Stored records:
[Start of section]
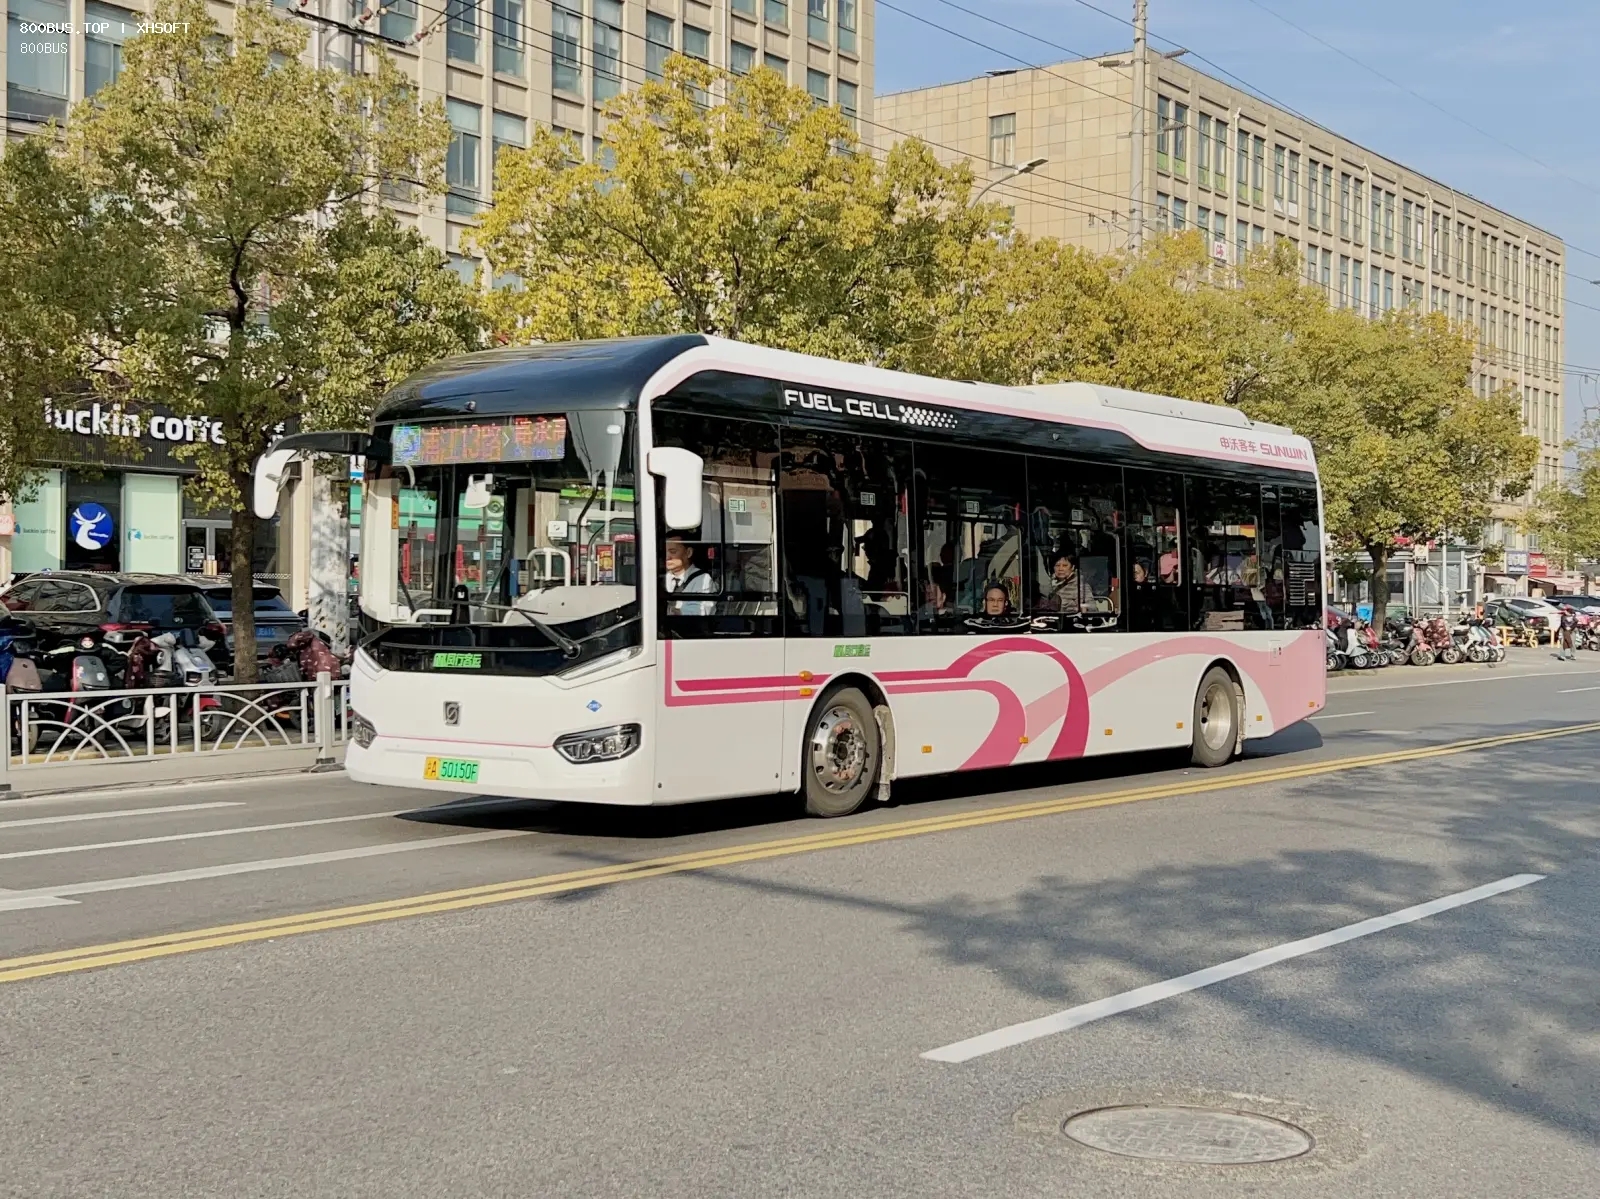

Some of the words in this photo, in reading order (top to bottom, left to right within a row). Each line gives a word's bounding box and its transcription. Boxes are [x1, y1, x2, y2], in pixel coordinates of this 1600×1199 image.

[784, 389, 843, 413] FUEL
[845, 398, 900, 421] CELL
[1219, 436, 1258, 454] 申沃客车
[1260, 443, 1308, 461] SUNWIN
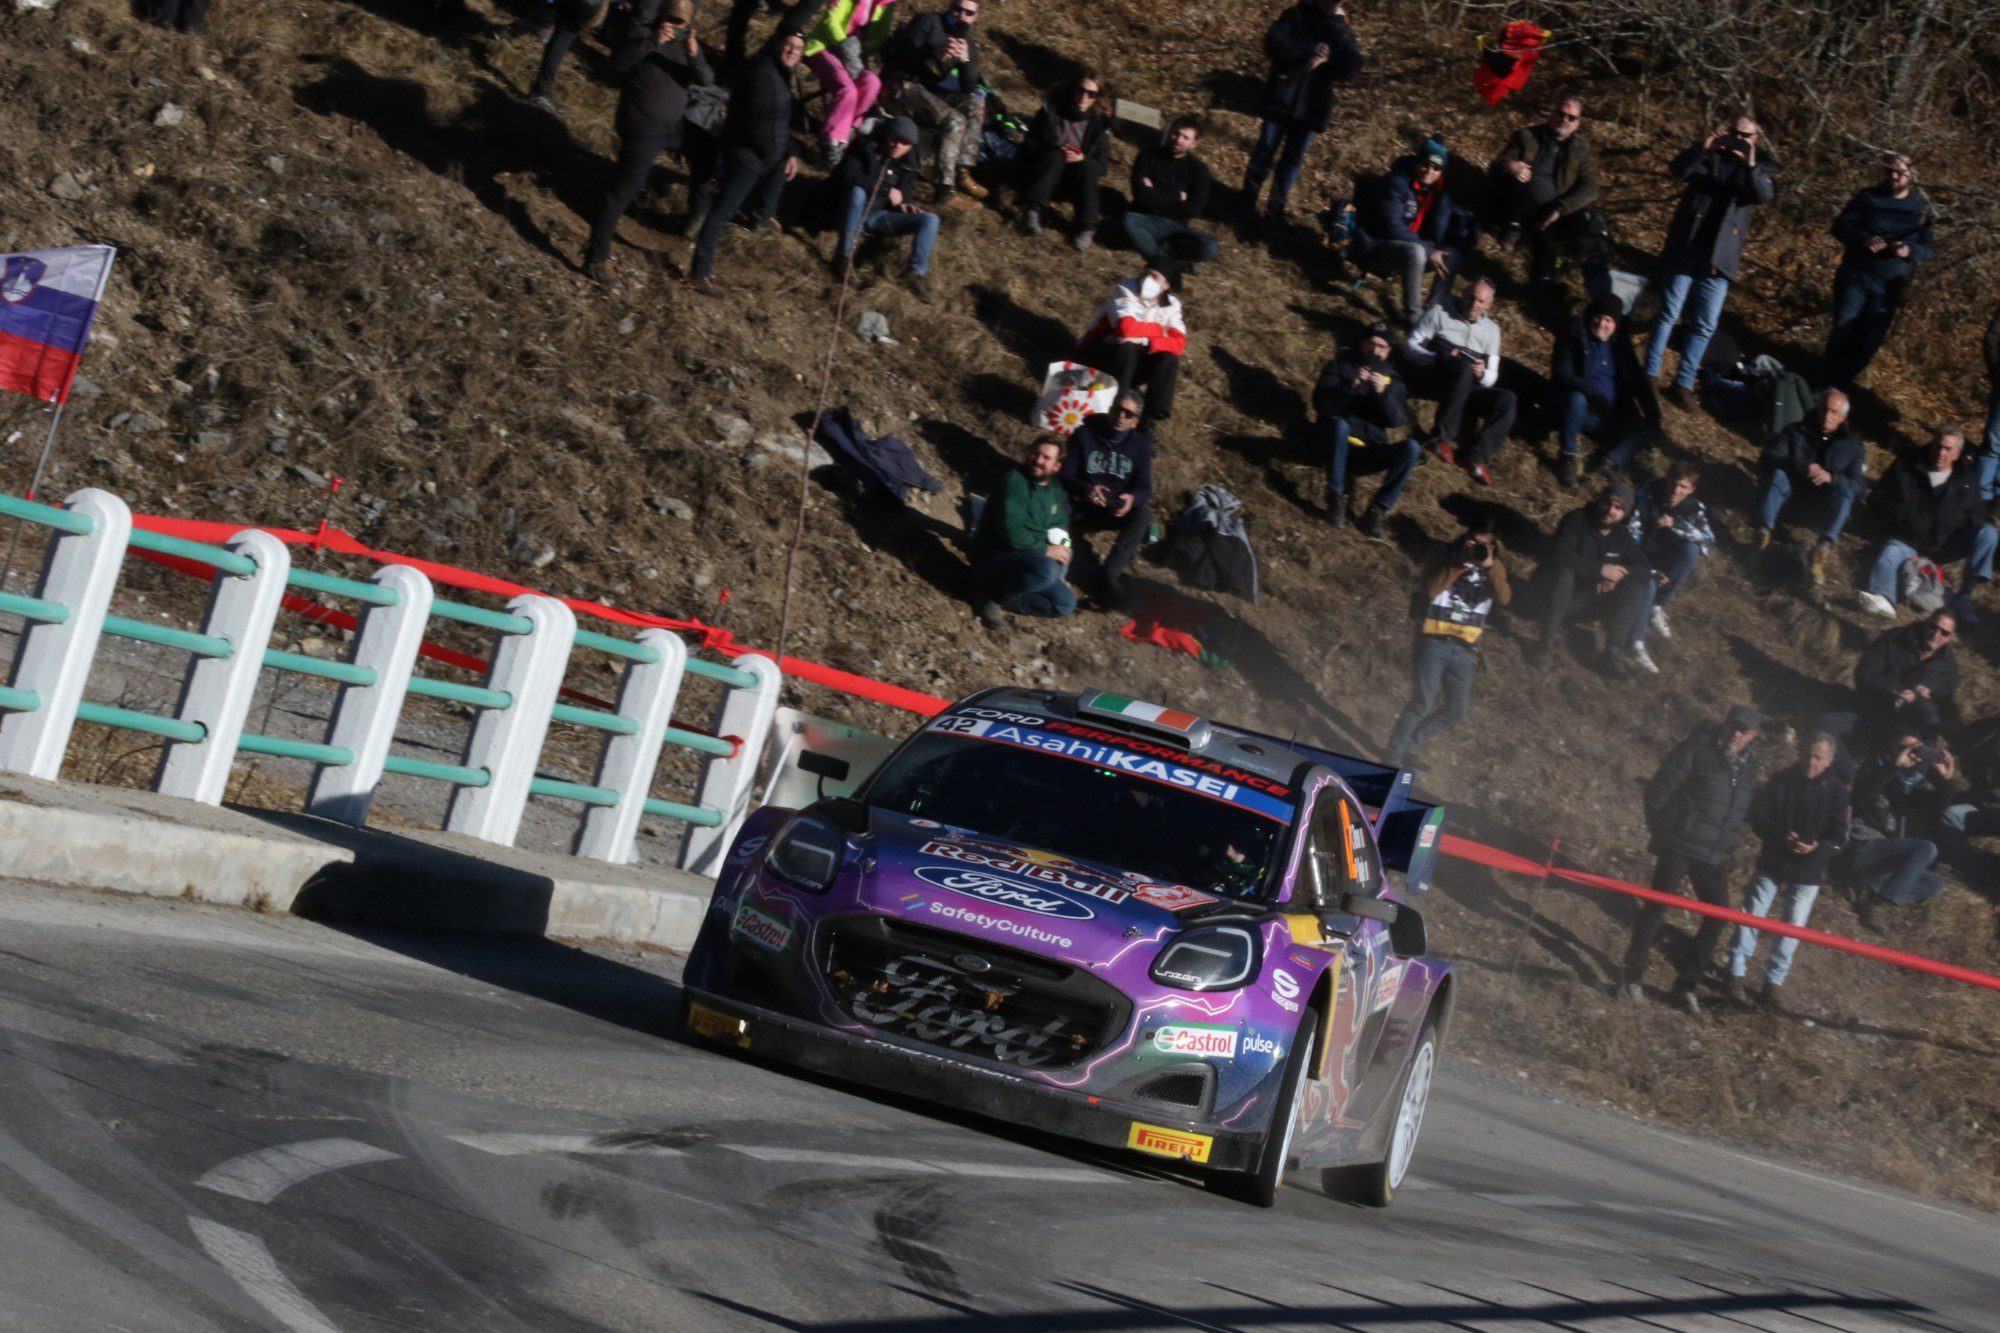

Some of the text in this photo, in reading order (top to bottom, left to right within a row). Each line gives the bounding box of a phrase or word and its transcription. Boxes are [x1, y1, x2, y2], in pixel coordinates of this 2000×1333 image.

[935, 716, 978, 734] 42
[957, 707, 1291, 797] FORD PERFORMANCE
[919, 841, 1030, 874] Red
[1025, 865, 1130, 905] Bull
[942, 872, 1066, 912] Ford
[741, 913, 788, 948] Castrol
[929, 901, 1073, 948] SafetyCulture
[1175, 1030, 1274, 1055] Castrol pulse
[1136, 1128, 1205, 1158] PIRELLI
[End of section]
### BRIEF
What you return should match the records above word for word, minus the pictures.

### SOLUTION FOR THIS EXERCISE
Some of the words in this photo, in reading order (top to bottom, left to right within a row). Each line gives a word's bounding box and its transcription. Boxes are [x1, y1, x2, y2], in pixel coordinates of this 1600×1199 image.

[784, 389, 843, 413] FUEL
[845, 398, 900, 421] CELL
[1219, 436, 1258, 454] 申沃客车
[1260, 443, 1308, 461] SUNWIN

Some of the text in this photo, in reading order (top to bottom, left to right within a row). Each line gives the bounding box of a phrase or word and its transcription. Boxes are [x1, y1, x2, y2], in pixel coordinates of this 2000×1333 image.

[935, 716, 978, 734] 42
[957, 707, 1291, 797] FORD PERFORMANCE
[919, 841, 1030, 874] Red
[1025, 865, 1130, 905] Bull
[942, 872, 1066, 912] Ford
[741, 913, 788, 948] Castrol
[929, 901, 1073, 948] SafetyCulture
[1175, 1030, 1274, 1055] Castrol pulse
[1136, 1128, 1205, 1158] PIRELLI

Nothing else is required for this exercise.